Associate Director for Research
VA Center for Integrated Healthcare
Syracuse, New York, United States
Stigma concerning mental health diagnoses and treatment seeking is a common barrier to engagement with mental health care. Stigma has been linked to poorer outcomes such as increased depression and anxiety, decreased engagement with family and relationships, and increased risk for hypertension. However, psychological flexibility, or the ability to shift mindsets and commit to actions that align with values, may serve as a buffer between the negative effects of stigma on value-driven behaviors. Acceptance and Commitment Therapy (ACT) offered in primary care may target these concerns by delivering interventions in the same location as regular medical services. The aim of this research was to explore the impact of a single-day ACT workshop for Veteran’s on stigma, valued action, and psychological flexibility at post-treatment. We also investigated if psychological flexibility moderated the relationship between stigma and valued action.
Data were taken from a pilot trial which tested the effectiveness of a single-day ACT Workshop versus VA Primary Care Mental Health Integration Treatment as Usual (PCMHI-TAU) services in rural VA clinics. The present study (n = 14) included Veterans who screened positive for anxiety, depression and/or PTSD, were randomized to receive the Workshop and completed their post-treatment assessment. The sample was predominately male (81.3%), white (87.5%) and participants ranged in age from 22 to 77 years [M = 51.94(18.83)]. Stigma was assessed using the Endorsed an Anticipated Stigma Inventory (EASI) Belief about Treatment Seeking subscale, and valued action was assessed via the Valued Living Questionnaire (VLQ). Psychological Flexibility was measured using the Acceptance and Action Questionnaire-II (AAQ-II).
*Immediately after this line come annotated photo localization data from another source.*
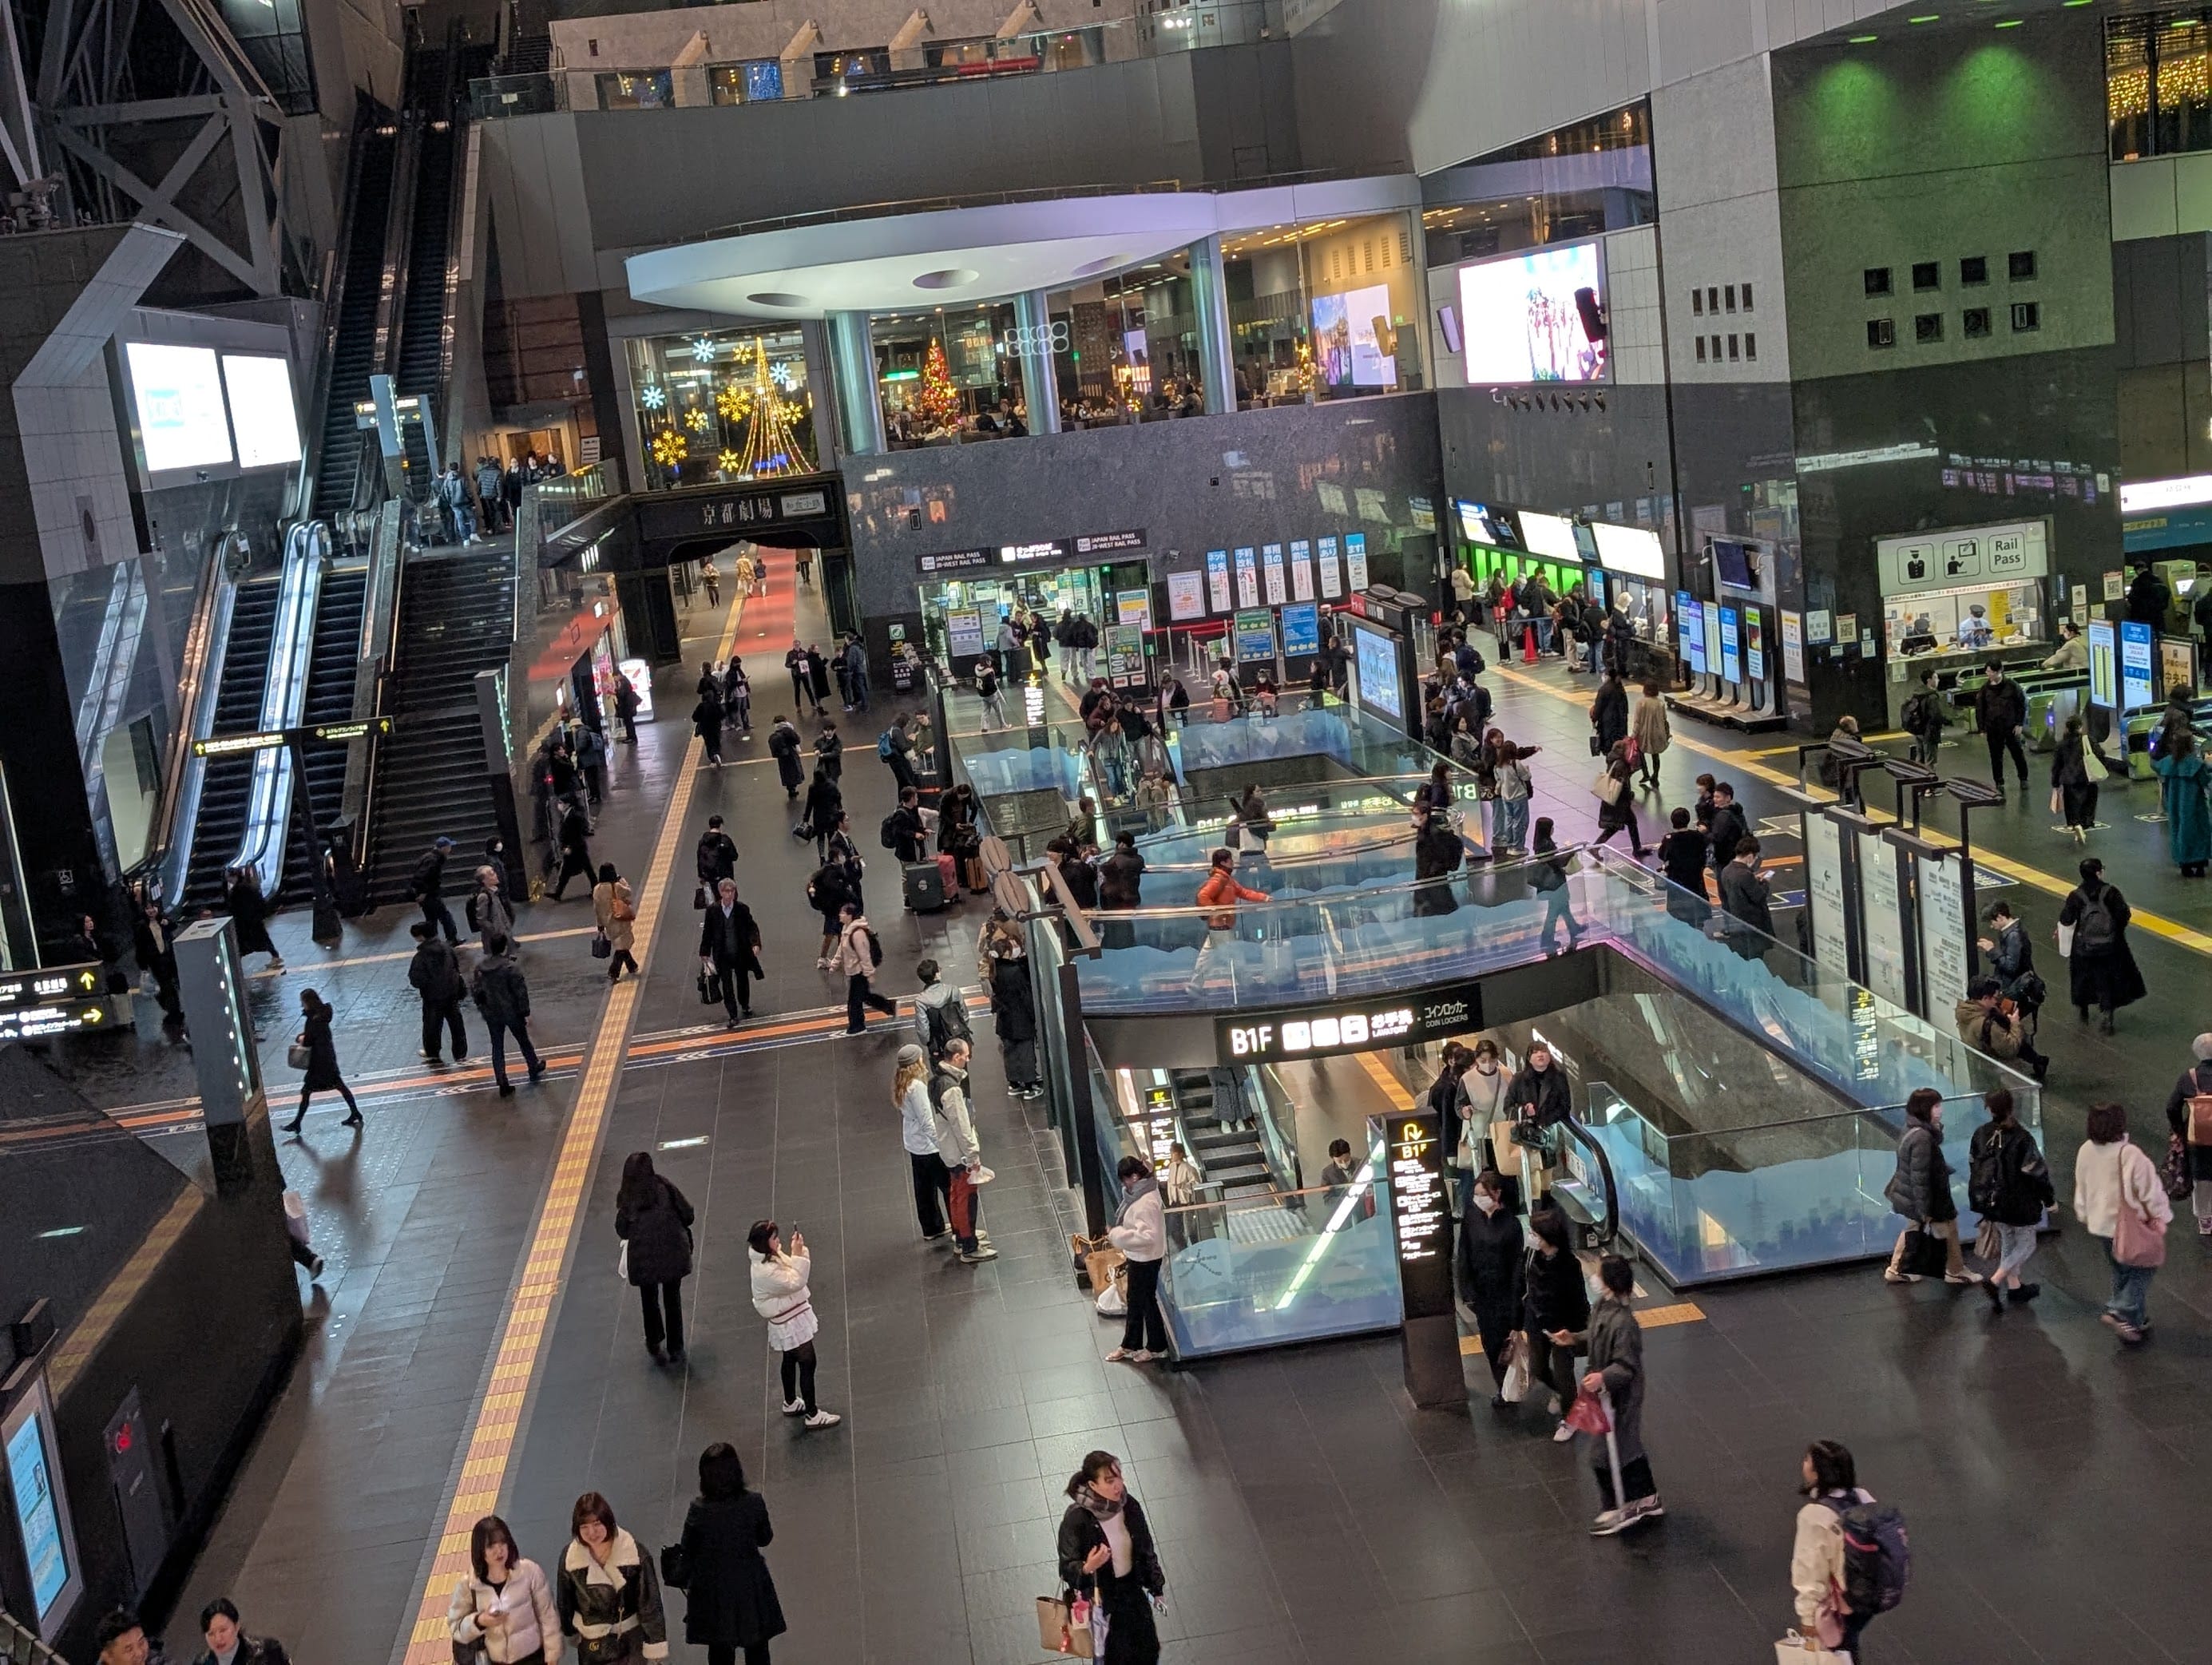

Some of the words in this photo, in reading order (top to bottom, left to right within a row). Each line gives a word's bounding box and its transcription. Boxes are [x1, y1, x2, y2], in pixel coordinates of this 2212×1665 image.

[702, 498, 773, 525] 京都劇場
[1995, 537, 2018, 551] Rail
[1320, 548, 1337, 557] あり
[1994, 553, 2021, 565] Pass
[976, 677, 984, 691] R
[2165, 672, 2189, 685] 中央口
[1231, 1026, 1272, 1055] B1F
[1371, 1008, 1413, 1029] お手洗
[1424, 999, 1468, 1019] コインロッカー
[1372, 1025, 1409, 1038] LAVATORY
[1425, 1018, 1441, 1029] COIN
[1441, 1013, 1469, 1026] LOCKERS
[1401, 1144, 1427, 1159] B1F
A paired-sample t-test was conducted to evaluate the impact of the ACT intervention on scores on the EASI, AAQ-II and VLQ from pre to post treatment. There was a significant decrease in stigma scores from Pre [M=18.50(4.18)] to Post [M = 16.50(4.01)], t (13) = 1.86, p < .05 (one-tailed). Cohen’s d statistic (.49) indicated a small to medium effect size. A multiple regression model was conducted which examined whether the relationship between stigma and valued action was moderated by psychological flexibility. Results suggested that stigma was not significantly associated with valued action, and the interaction term for this model was not significant. Findings suggest that ACT interventions may influence stigma immediately following engagement with services. Previous research suggests that targeting mental health stigma may lead to positive psychological health outcomes. Given that this research was exploratory, larger studies should aim to examine how stigma, psychological flexibility, and valued action relate to one another temporally in more depth. For example, psychological flexibility theory posits that targeting valued action in ACT interventions right away, prior to addressing mental health symptoms or stigma, may lead to greater reductions in suffering.